The cycle in business and commerce is usually the same. Old companies get disrupted by new entrants, usually in the form of better branding and technology, the two groups dance around each other with the more established names sometimes buying the upstarts but the slowly the ecosystem settles and each side starts behaving more like the other.

We’ve seen it with short-term rentals. The new entrants like Airbnb and HomeAway, showed there was an appetite for this type of accommodation, and quickly grew. Although there has always been a debate about how much cannibalisation this created in the hotel industry, big names like Marriott and Accor came to the conclusion that they needed to offer something similar or they would be missing out.

What’s interesting is that we’re now seeing the original start-ups expanding their repertoire to include hotel-like accommodation as well. Since the mid 2010s, Airbnb has been quietly growing its hotel offering and in 2019 it bought booking platform HotelTonight. A much smaller example in the UK came in 2020 when luxury accommodation business UnderTheDoormat’s partnered with property manager, developer and investor Cadogan to market and manage 3 Sloane Gardens, a new boutique aparthotel that aimed to “combine the independent spirit of homestays with the luxury service of a hotel.”

“I think what were seeing is that operators who started in our space have been increasingly moving into the more established areas,” said Merilee Kerr, CEO of UnderTheDoormat on a panel discussion at the Short Stay Summit held in London last month.

“A lot of companies that started as innovative companies in the short-term rental space [are] increasingly moving up the asset value chain into things like aparthotels, serviced apartments and so forth. And I think what we’re seeing is that innovation driving really efficient business models but also consumer-centric brands and distribution technology which helps to really maximise the value of that asset.”

At the other end of the spectrum are the hotel giants. Accor has made perhaps the biggest transformation of its business, buying and creating new brands to expand its reach within travel and beyond. Marriott has also grown its reach. Launching Marriott Homes and Villas about three and a half years ago, firstly as a pilot scheme with now defunct brand Hostmaker, and then on its own. It has gone from 2,000 units to 35,000 in this space of time.

“We obviously did a lot thinking before we moved in to make sure that home rentals were going to give a net benefit to our business and it was going to help us increase share of wallet overall and drive frequency to our overall portfolio,” said Chris Stephenson, vice president international markets, Homes and Villas by Marriott International, at the same event.
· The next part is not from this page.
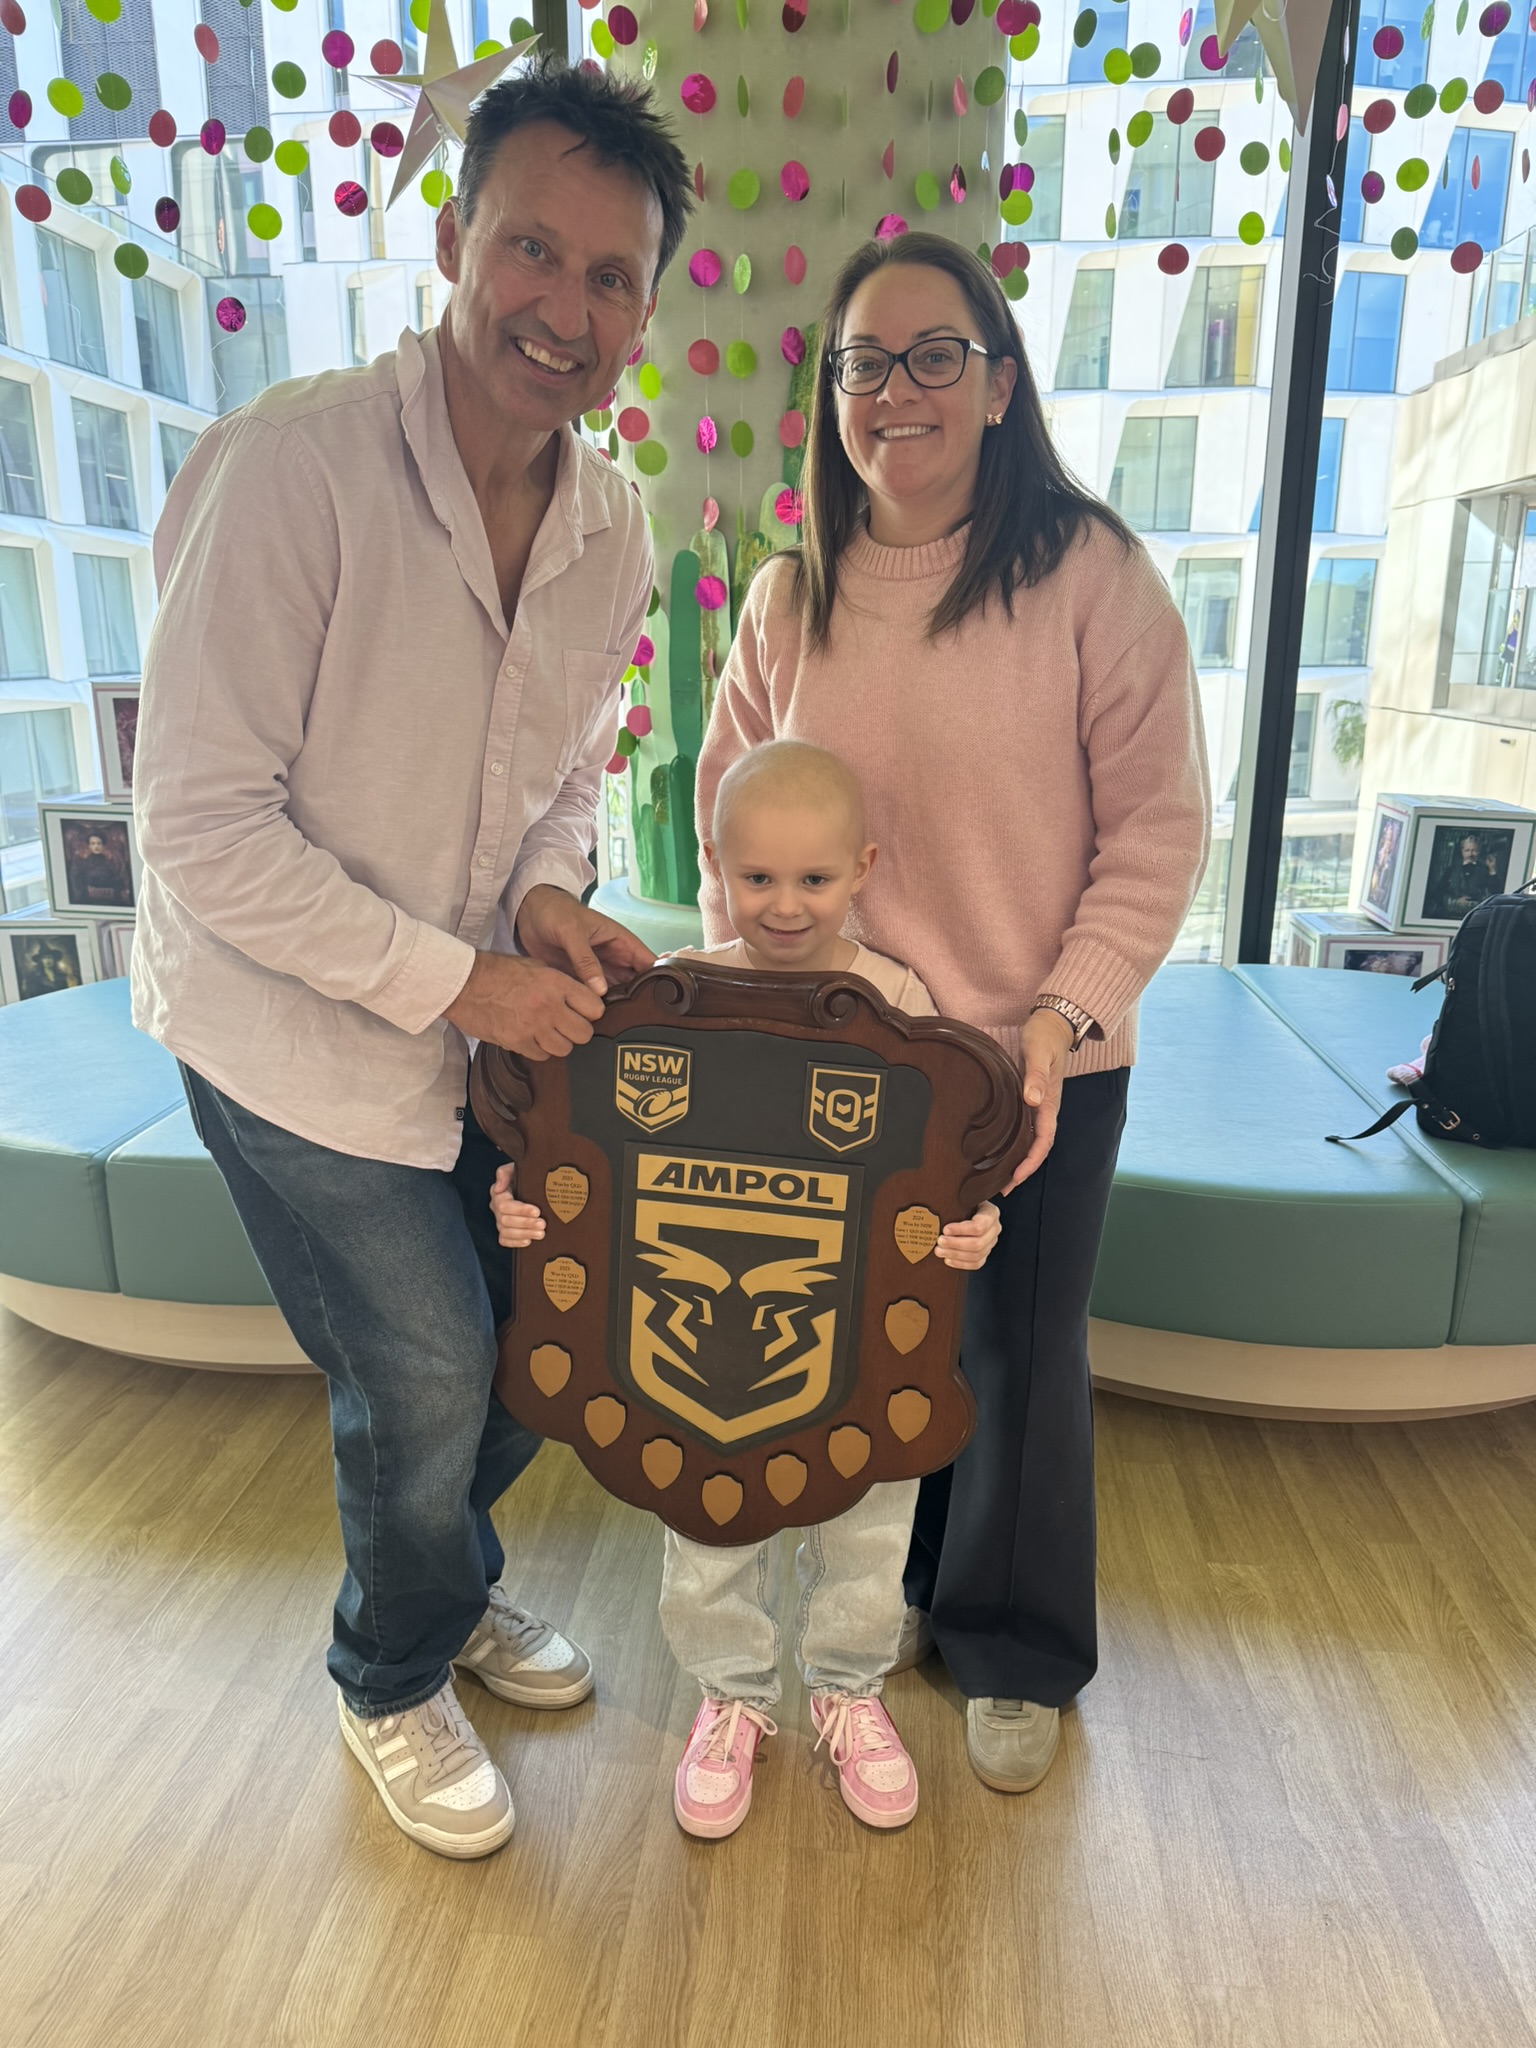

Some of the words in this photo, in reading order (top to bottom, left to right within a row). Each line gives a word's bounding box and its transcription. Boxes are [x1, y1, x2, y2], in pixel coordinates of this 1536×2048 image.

Stephenson said all this had been achieved.

The big plus for Marriott, Accor and the other big hotel companies is that short-term rentals and other similar products are big draws when it comes to loyalty and membership schemes. The recent pull back from online travel agencies towards more direct bookings has meant sweetening the deal for those customers and led to big improvements in the likes of Marriott’s Bonvoy and Accor Live Limitless. Something that is very difficult for newer and smaller players to replicate.